Pooches’ pee and poo

I’m sure that many city-dwelling dogs and their owners enjoy a walk in urban and peri-urban bushland areas rather than always being confined to the local streets and parks. It would be a rare dog indeed that didn’t attend to its natural functions while enjoying the great outdoors and I wonder how many dog owners collect their dog’s faeces when in bushland (casual observation of the streets and parks where I walk daily tells me that there is much defaulting even in these spaces – but that’s another matter). Diligent researchers have conducted 487 observations over 18 months to collect ‘dog abundance’ data per hectare per year in four peri-urban forests in Belgium. They have combined this information with the nutrient concentrations of dogs’ urine and faeces to calculate that 11 kg of nitrogen (N) and 5 kg of phosphorous (P) are deposited per hectare per year. Urine and faeces make roughly equal contributions to the N but the P is almost wholly faeces (if you see what I mean). These amounts are substantial when compared with the amounts of N and P involved in natural cycles and traditional nature management processes, although dogs’ contributions are, of course, not evenly distributed. Yes, it’s true that in any particular patch of bush most urine and faeces is deposited by the native animals rather than by pet dogs but the wild beasts are an intrinsic part of a balanced ecosystem, the dogs are being fed outside the ecosystem and are introducing additional N and P into the area’s metabolism.
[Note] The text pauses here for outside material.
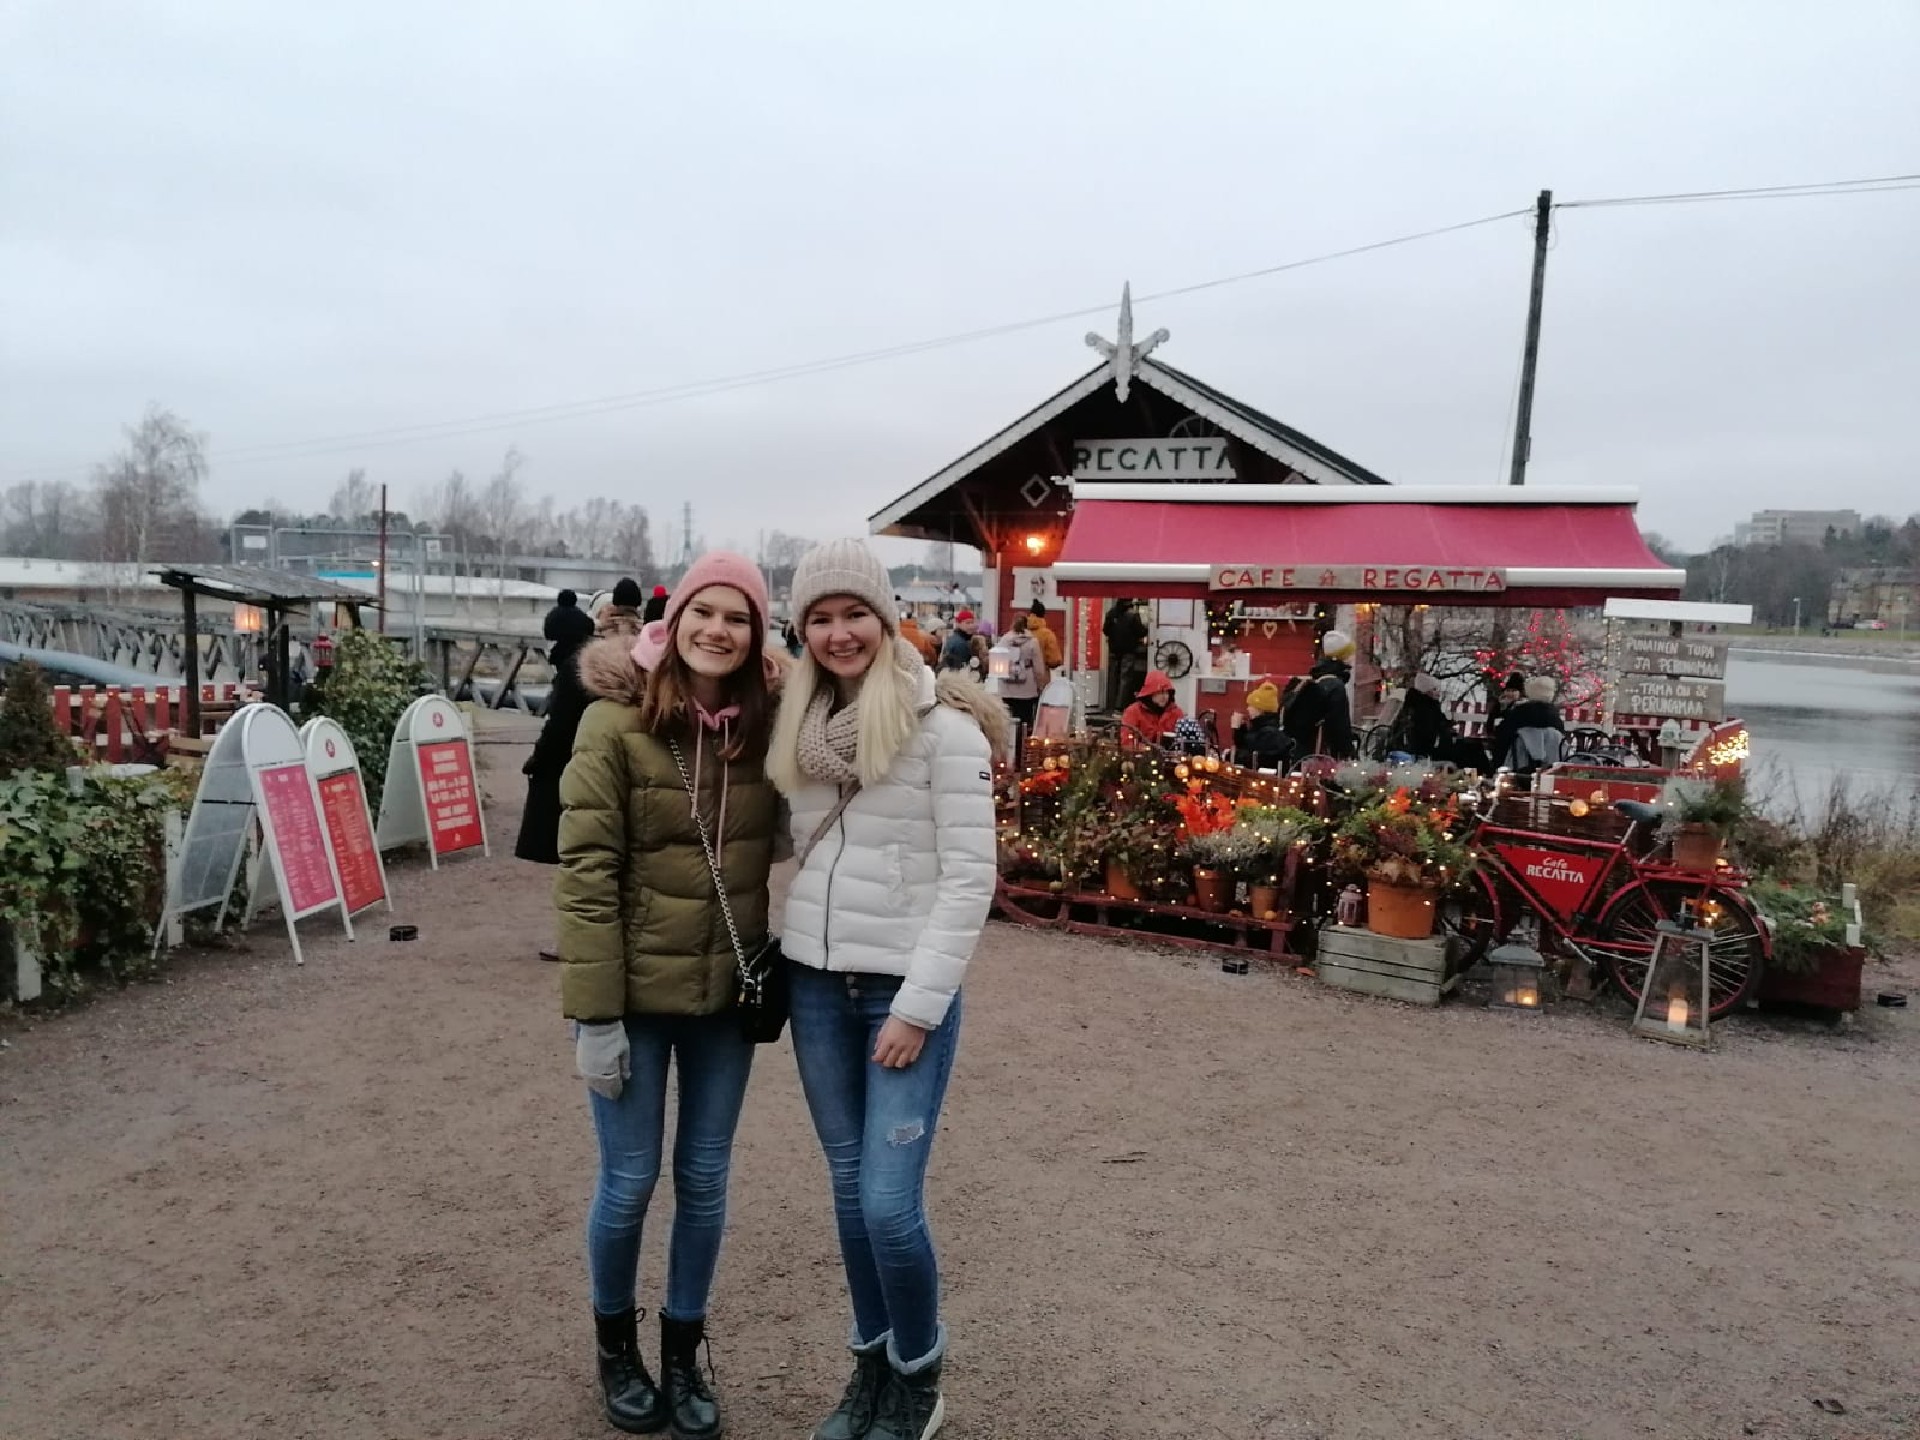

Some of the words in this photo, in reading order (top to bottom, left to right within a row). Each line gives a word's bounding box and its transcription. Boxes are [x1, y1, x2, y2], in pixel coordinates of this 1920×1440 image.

You may be thinking that I have highlighted this somewhat quirky study as a “Really, have researchers got nothing better to do” rant. Far from it. These levels of ‘fertilisation’ by dogs can have very negative effects on biodiversity and ecosystem functioning. Higher nutrient levels can lead to increased plant growth of nutrient-demanding species which outcompete others and cause loss of species. This is not what is wanted in urban and peri-urban bushland where species diversity is valued and nurtured, and it’s a particular problem for many parts of Australia where the native flora has evolved and thrive on nutrient-poor soils.

The authors recommend:

  • Greater awareness of the issue by organisations responsible for the management and restoration of urban bushland;
  • Education of dog walkers about the problem and highlight the necessity of removing dog faeces in urban bushland, just as in parks;
  • In ecosystems adapted to nutrient-poor soils, establish off-leash dog parks, enforce use of short leashes, and even apply dog bans.
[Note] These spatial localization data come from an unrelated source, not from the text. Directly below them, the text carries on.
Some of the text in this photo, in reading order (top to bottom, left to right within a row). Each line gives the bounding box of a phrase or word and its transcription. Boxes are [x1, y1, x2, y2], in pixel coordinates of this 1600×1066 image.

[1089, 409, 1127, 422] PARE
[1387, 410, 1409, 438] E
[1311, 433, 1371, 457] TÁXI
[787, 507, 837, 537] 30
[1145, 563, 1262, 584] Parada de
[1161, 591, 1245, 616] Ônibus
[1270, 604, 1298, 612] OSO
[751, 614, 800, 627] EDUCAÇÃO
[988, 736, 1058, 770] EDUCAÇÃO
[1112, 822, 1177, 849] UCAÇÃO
I’m retiring to my bunker now until the dog owners among you cool down.

Environmentally sensitive housing

I’m no engineer so I’m pretty clueless about solving mechanical and building problems. My cluelessness extends to the strategy not just the technical details. What, for instance, is the best approach to constructing an environmentally sensitive, low energy, comfortable home in Australia? Create an airtight, insulated home that retains the warmth or cooling generated from within, or build a passive solar home that is open to breezes that minimise daytime heat gain and maximise night-time heat loss? The sealed box or PassivHaus approach minimises draughts in and air leaks out by making the building airtight, focusing on thermal insulation, particularly around windows and doors, and providing fresh air through mechanical heat recovery ventilation. On the other hand, ‘free-running’ houses are open to cooling breezes by careful positioning of windows to allow cross-ventilation, and have shaded windows, walls and roofs protected from direct sun, light coloured roofs to reflect heat and shaded outdoor living areas. The free-running design is perhaps best suited to Australia’s warmer regions.

Home invasions in Double Bay

Fantastic picture from the Woollahra Council Sustainability Team newsletter. Apparently channel-billed cuckoos love laying their eggs in the nests of currawongs, magpies and ravens. In Tasmania at Christmas I watched a family of superb fairy-wrens very busily and conscientiously feeding a Horsfield’s bronze-cuckoo. I don’t suppose smaller birds like wrens could keep up with the demands of a growing young channel-billed, so no point laying your egg in their nest – it might not even fit in.